In fifteen years of programming computers for hire, I've seen a lot of strange things: COBOL that looks like assembly language, Pascal that looks like FORTRAN, BASIC that looks like spaghetti and, all too often, C++ that is absolutely indecipherable.

It's the last that worries me, because it's become so widespread. Hardly a day goes by when I don't hear, either at work or in an online discussion, a comment like "...and if we model it this way, then we can implement it using syntax feature X!" Invariably, "this way" is highly complicated and non-obvious, and "syntax feature X" is some language feature that the speaker read about the night before.

This is the mark of the syntaxophiliac. You can make positive identification if you rearrange the sentence: "...and because we want to use syntax feature X, we should model it this way," and observe the reaction. If the resulting discussion is about the benefits of syntax feature X rather than the benefits of the model, then congratulations: You've bagged a live one.

As much as I'd like to blame C++--a language whose entire design appears to be an exercise in syntaxophilia-for the problem, I can't. I've seen syntaxophilia exhibited in every programming language I've worked with. The real problem is that programmers-especially inexperienced programmers-like new things and will go to great lengths to justify their use of a new syntactic feature. An experienced programmer will look at the resulting design and say, correctly, "It won't work." He may even be able to articulate why it won't work. But he can't prove it! Unlike structural engineering, where the proper application of mathematics can prove the strength of a bridge design, there are no formulas by which we can measure a program design for correctness. The only proof available lies in attempting to build it.

So experienced programmers and technical leads are left with arguments that begin with "In my experience" and end with the syntaxophiliac walking away muttering obscenities about dinosaurs.

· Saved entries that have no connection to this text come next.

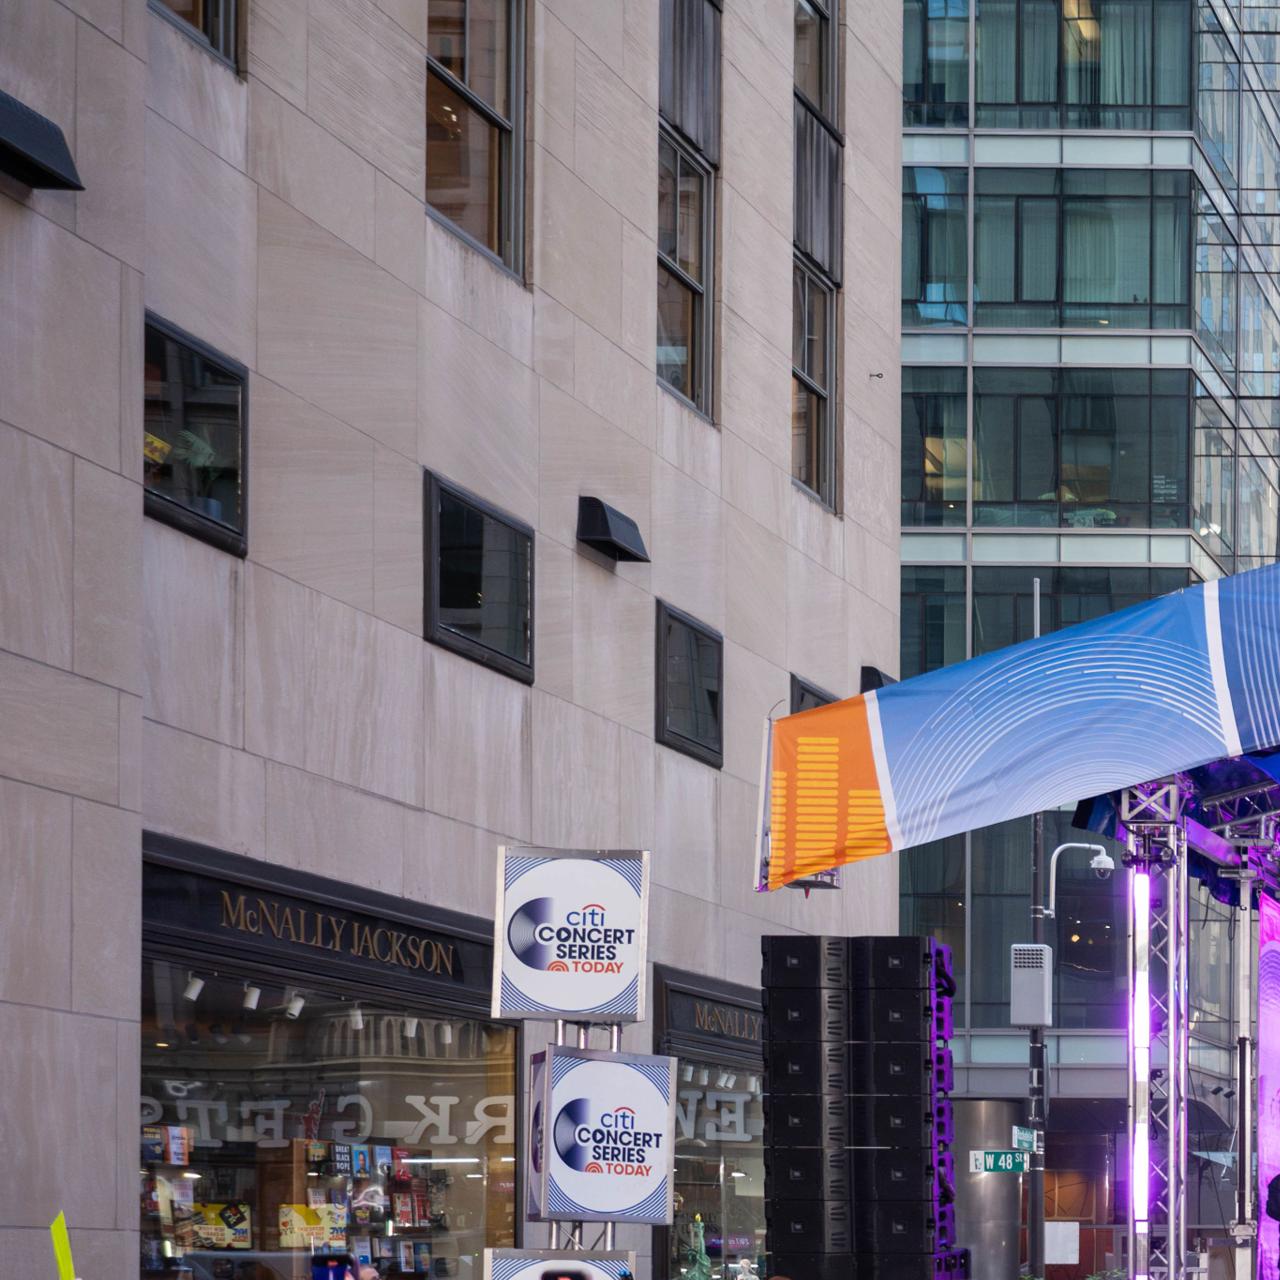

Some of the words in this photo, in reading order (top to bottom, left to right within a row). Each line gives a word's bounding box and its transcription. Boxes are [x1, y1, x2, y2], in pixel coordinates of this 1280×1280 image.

[566, 908, 605, 926] citi
[221, 890, 347, 951] McNALLY
[350, 922, 454, 976] JACKSON
[538, 927, 635, 944] CONCERT
[556, 944, 616, 960] SERIES
[572, 961, 624, 973] TODAY
[695, 1003, 760, 1040] McNALLY
[600, 1111, 634, 1129] citi
[577, 1127, 662, 1148] CONCERT
[592, 1145, 645, 1163] SERIES
[985, 1154, 995, 1169] W
[998, 1154, 1013, 1169] 48
[605, 1163, 652, 1176] TODAY

Terminal syntaxophilia (TS) is a disease that dooms a programmer to a lifetime of implementing cool new technologies in poorly-designed, buggy products that rarely see version 1.0-much less version 2. The only known cure is experience. After consistently failing while the dinosaurs consistently ship on time, reasonably bright syntaxophiliacs come to realize that we dinosaurs know a thing or two about developing software-one of which is that the proper time to use new language features is during the implementation phase, after a solid design has been completed.

TS: You catch it from yourself. And the cure is up to you.